Nevertheless, in response to the deterioration in overall earnings, Chevron is aggressively cutting costs and raising as much cash as possible, because management knows how seriously investors feel about the Chevron dividend. Chevron’s dividend is a big reason why many investors hold the stock in the first place.
If Chevron were to cut the dividend, many investors would sell, as is common when dividends are cut. That would likely result in a large drop in stock price, adding to what has already been a very painful year for Chevron shareholders.
Over the first half of 2015, Chevron cut capital expenditures by 13% compared to the same period last year. That has saved the company $2.3 billion.
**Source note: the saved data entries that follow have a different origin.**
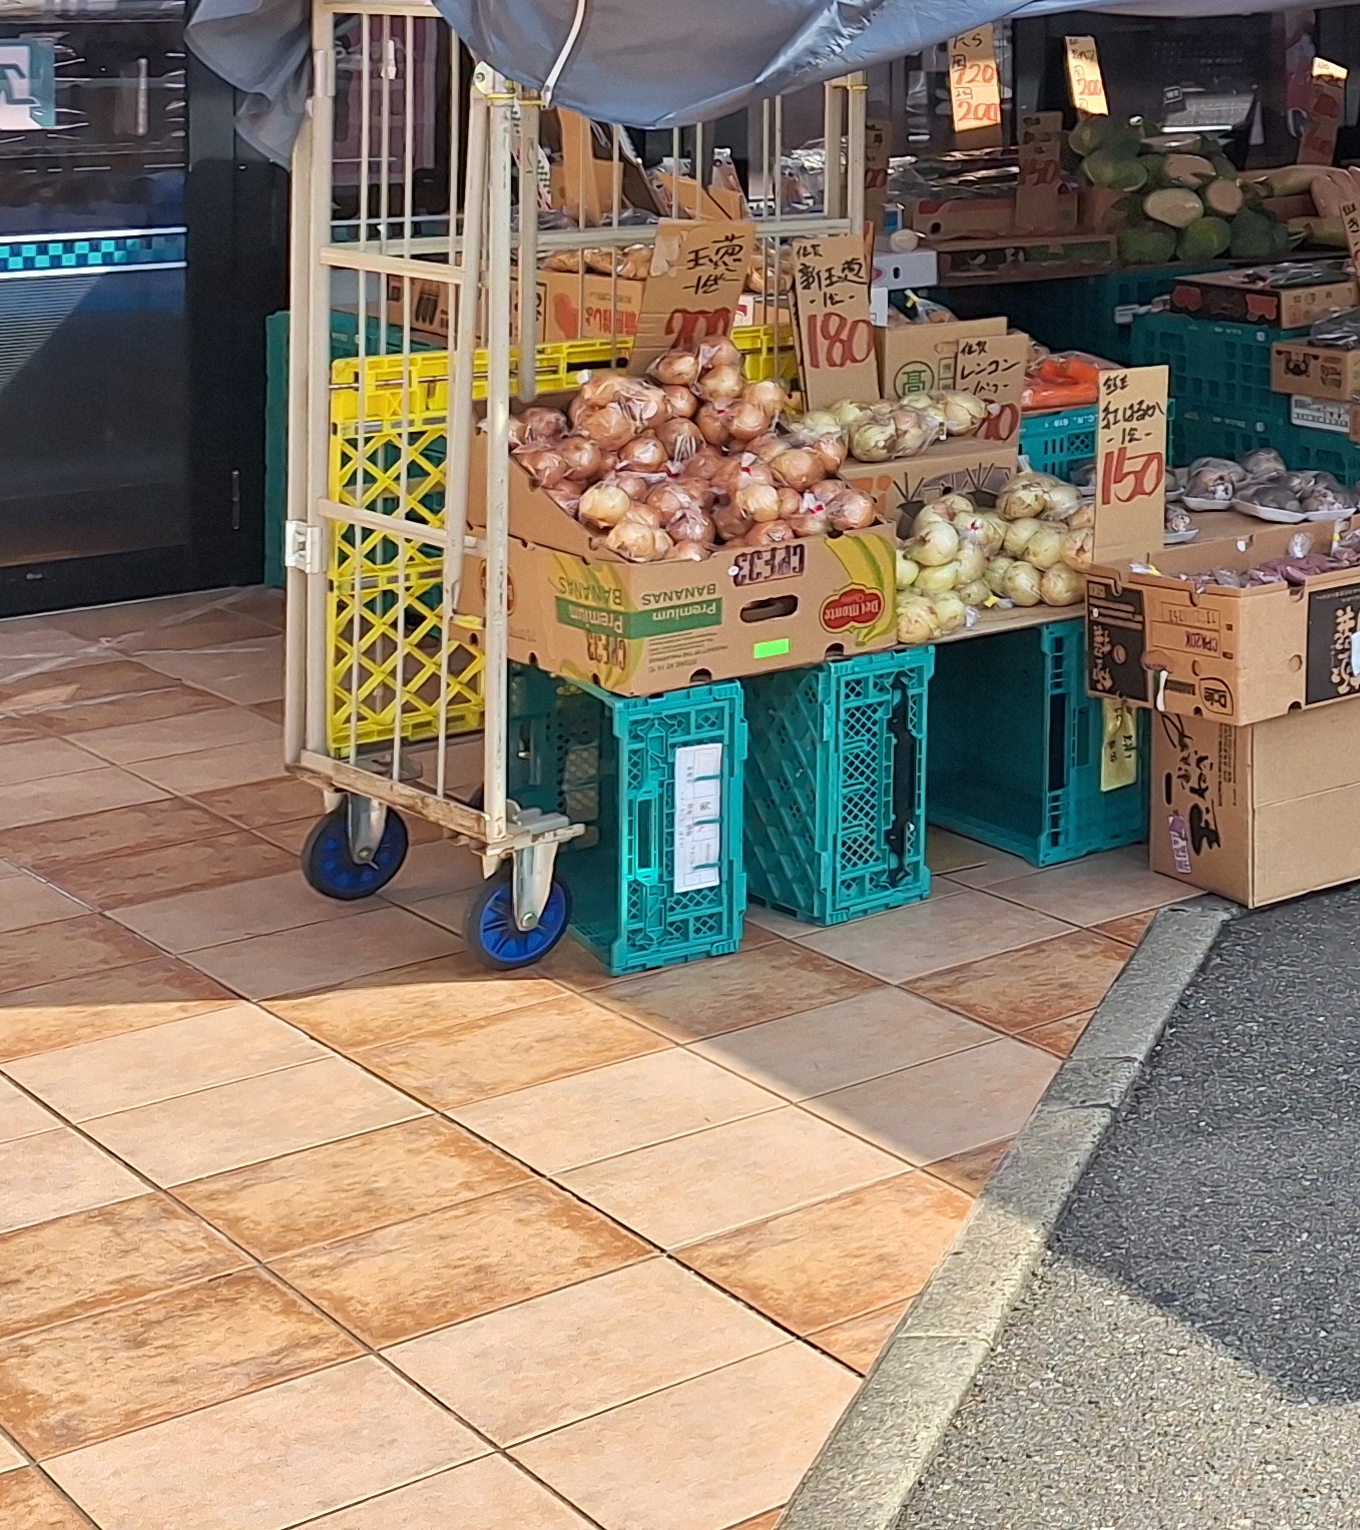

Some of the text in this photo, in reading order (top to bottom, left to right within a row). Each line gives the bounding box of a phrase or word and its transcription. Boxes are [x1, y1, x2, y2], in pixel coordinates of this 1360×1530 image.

[807, 311, 876, 369] 180
[961, 359, 1020, 380] レンコン
[1101, 446, 1165, 506] 150
[558, 576, 622, 606] BANANAS
[642, 583, 717, 605] BANANAS
[569, 604, 624, 635] Premium
[652, 601, 717, 621] Premium
[823, 596, 880, 621] Del Monte
[1203, 687, 1228, 708] Dole
Plus, Chevron has curtailed its share repurchases this year, which will save additional cash. The company had been buying back its own stock at a rate of about $5 billion per year.
Lastly, Chevron is aggressively selling off assets that it deems non-critical to future growth. It sold $3.9 billion of assets just last quarter, and has realized nearly $11 billion in asset sales over the past 18 months.
Chevron Dividend Is a Risky Bet
Chevron management expects its cost-cutting and asset sales measures to result in the dividend being covered entirely with free cash flow by 2017, which would be huge for dividend sustainability. Ultimately, there are no guarantees in the stock market. Chevron’s earnings are closely tied to the prices of commodities. If oil and gas continue to collapse, even a strong, well-run company like Chevron will have to do what is necessary to stay afloat.
However, all indications from the company are that the dividend will remain intact. The company is aggressively selling assets and cutting costs to try to maintain its dividend. If commodities can stop crashing, Chevron’s dividend might just make it.